So wurde hurtig ein Prozess gegen den armen Heraclius angestrengt, der nicht recht wusste wie ihm geschah. Da der in seiner Provinz mit absoluter Macht (dem 'Imperium') ausgestattete Verres die traditionell auf Sizilien üblichen Rechtsbestimmungen mit Füßen trat - so wurde etwa die Auswahl der Geschworenenrichter manipuliert -, flüchtete Heraclius aus Syrakus. Daraufhin wollte Verres ihn in Abwesenheit verurteilen lassen. Doch seine Mitverschwörer befürchteten sehr, dass ein Urteil in Abwesenheit die ganze Angelegenheit noch unrechtmäßiger erscheinen ließe und bei der Bevölkerung wesentlich mehr Erbitterung hervorrufen könnte, als dies ohnehin schon absehbar war. Nachdem Verres nachträglich einige kosmetische Veränderungen am Prozedere des Verfahrens vorgenommen hatte, ließ er den geflüchteten Heraclius von einigen Handverlesenen Geschworenenrichtern trotzdem verurteilen: Man übertrug der lokalen Ringerschule bzw. ihrer Besitzerin - das war die Stadt Syrakus - die gesamte Erbschaft des Heraclius. Mehr noch, sogar dessen restlicher Besitz, welcher ebenfalls beträchtlich war, wurde vollständig eingezogen. Die Verschwörer bereicherten sich sofort persönlich daran, wobei Verres die wertvollen Teppiche, die Silbergefäße und einige besonders kostbare "korinthische Gefäße" (die aus einer Gold-Silber-Kupfer-Legierung bestanden) erhielt; auch an den Sklaven des Heraclius bediente er sich reichlich. Als dann jedoch bekannt wurde, Verres hätte überdies 300000 Sesterzen an Bargeld bekommen, lief das Volk wütend zusammen und protestierte lautstark. Da er nicht abstreiten konnte, dass das Geld in seine Richtung geflossen ist, bezichtigte er seinen Schwiegersohn, es entwendet zu haben. Dieser hatte ihn nämlich, wie es damals für nahe männliche Verwandte mit politischen Ambitionen üblich war, in die Provinz als Mitglied des statthalterlichen Stabes begleitet. Allerdings konnte der besagte Schwiegersohn in einer Rede vor dem Gemeinderat von Syrakus glaubhaft machen, dass die Anschuldigungen gegen ihn unzutreffend sind. Darüber hinaus legte er unverblümt Verres' schlechten Charakter offen. Dem blieb deshalb nichts anderes übrig, zumindest die 300000 Sesterzen zurückzuzahlen. Doch tat er das nur vordergründig, den hinten herum kassierte er sie über Mittelsmänner bald darauf wieder ein ...

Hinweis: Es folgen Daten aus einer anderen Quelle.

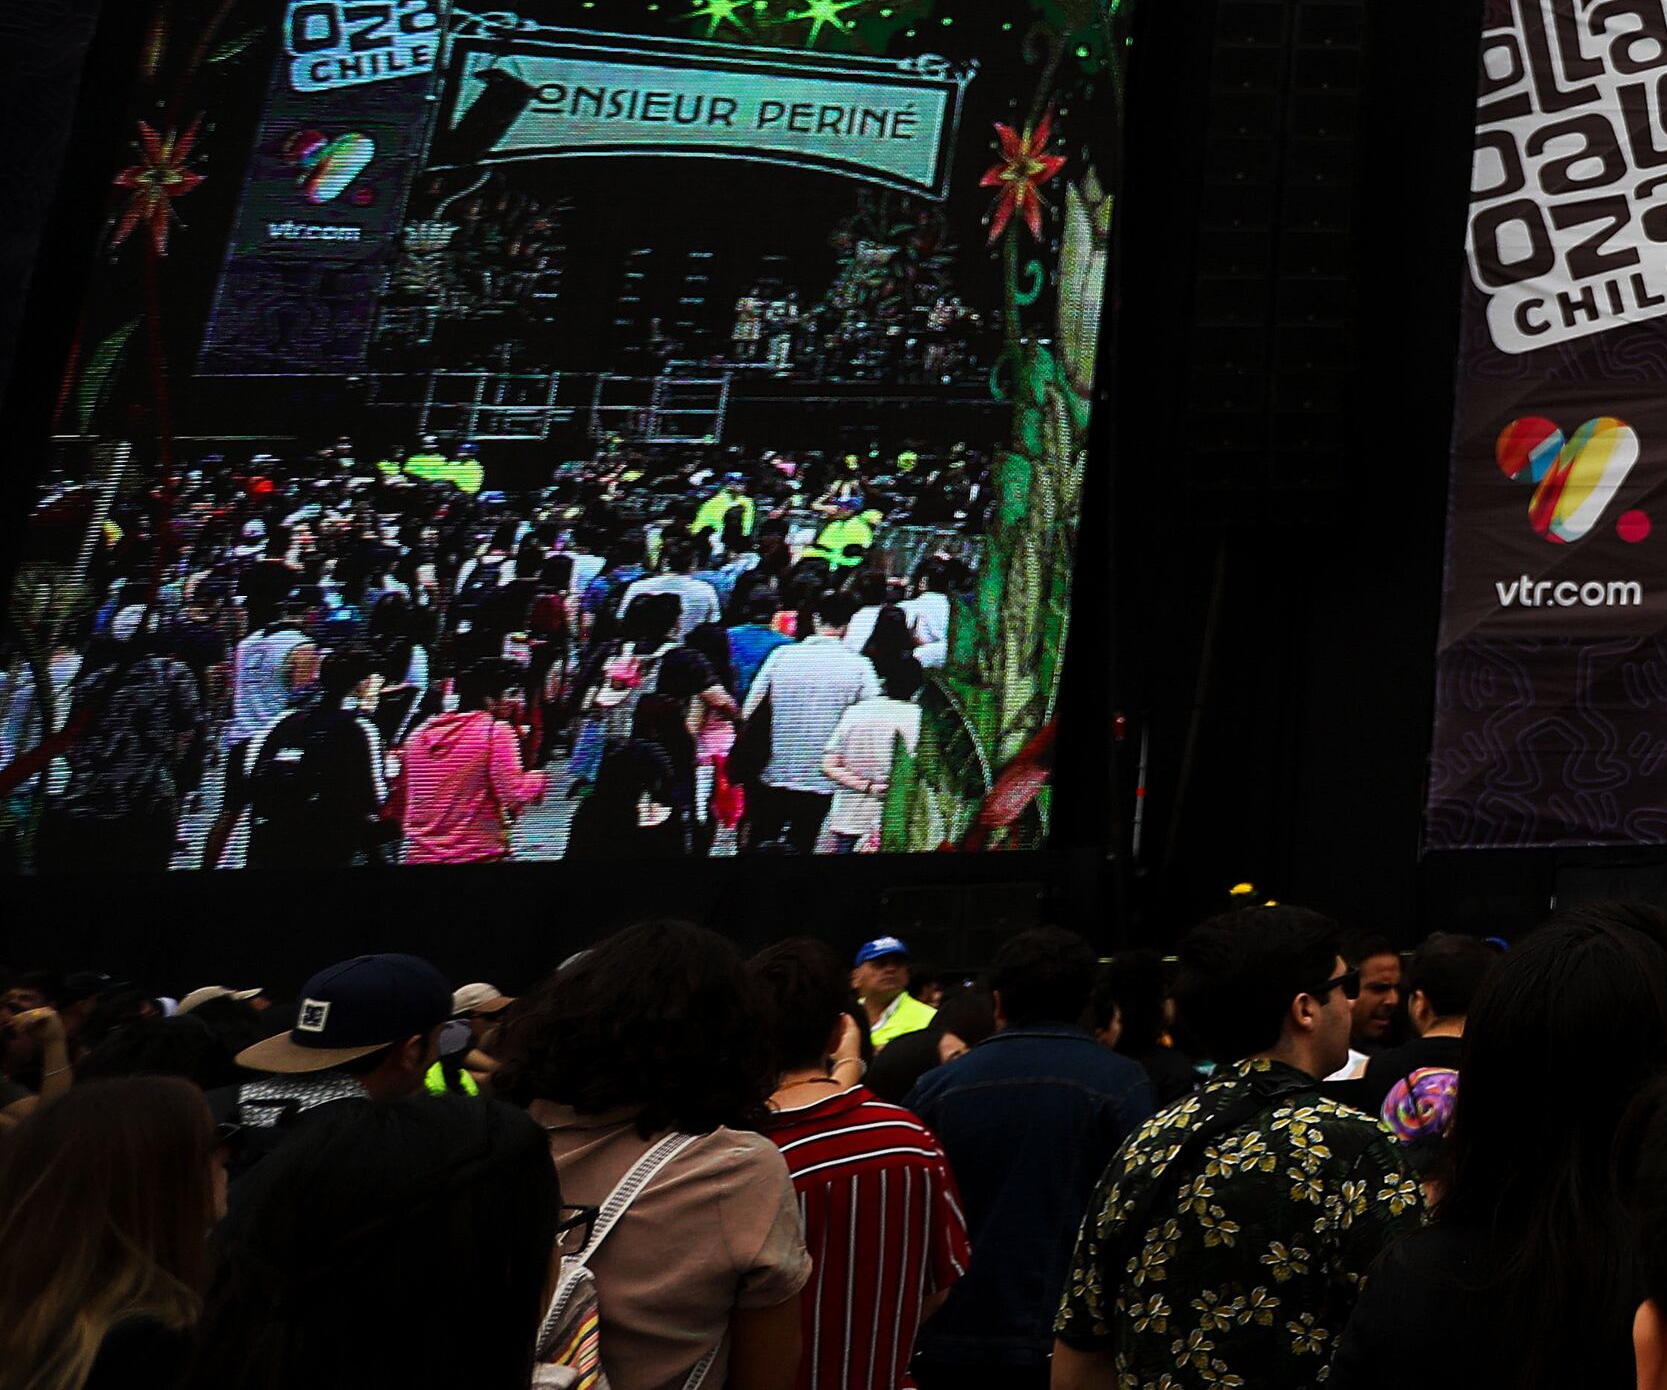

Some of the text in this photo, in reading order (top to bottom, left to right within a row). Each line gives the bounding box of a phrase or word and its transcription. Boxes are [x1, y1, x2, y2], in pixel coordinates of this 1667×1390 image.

Was war das Ende vom Lied? Nun, Verres' Nachfolger als Statthalter von Sizilien, Lucius Caecilius Metellus, setzte Heraclius wieder in seine Besitzrechte ein. Freilich, von den besonders wertvollen beweglichen Wertgegenständen und dem Geld war nichts mehr übrig, sondern lediglich die Immobilien. Doch sträubten sich Mitglieder des Gemeinderats von Syracus (wohl allen voran die Verschwörer) dagegen, selbst diese zurückzugeben. Metellus griff deshalb hart durch und ließ die betreffenden Personen, wie es in der Überlieferung heißt, "abführen". Später, als Cicero Verres angeklagt hatte und sich nach Sizilien begab, um Beweise für dessen Verbrechen zu sammeln, änderte Metellus sein Verhalten plötzlich. Er behinderte Cicero bei dessen Ermittlungen wo immer er nur konnte. Angeblich war dem ein Schreiben des nun schwerreichen Verres an Metellus vorausgegangen...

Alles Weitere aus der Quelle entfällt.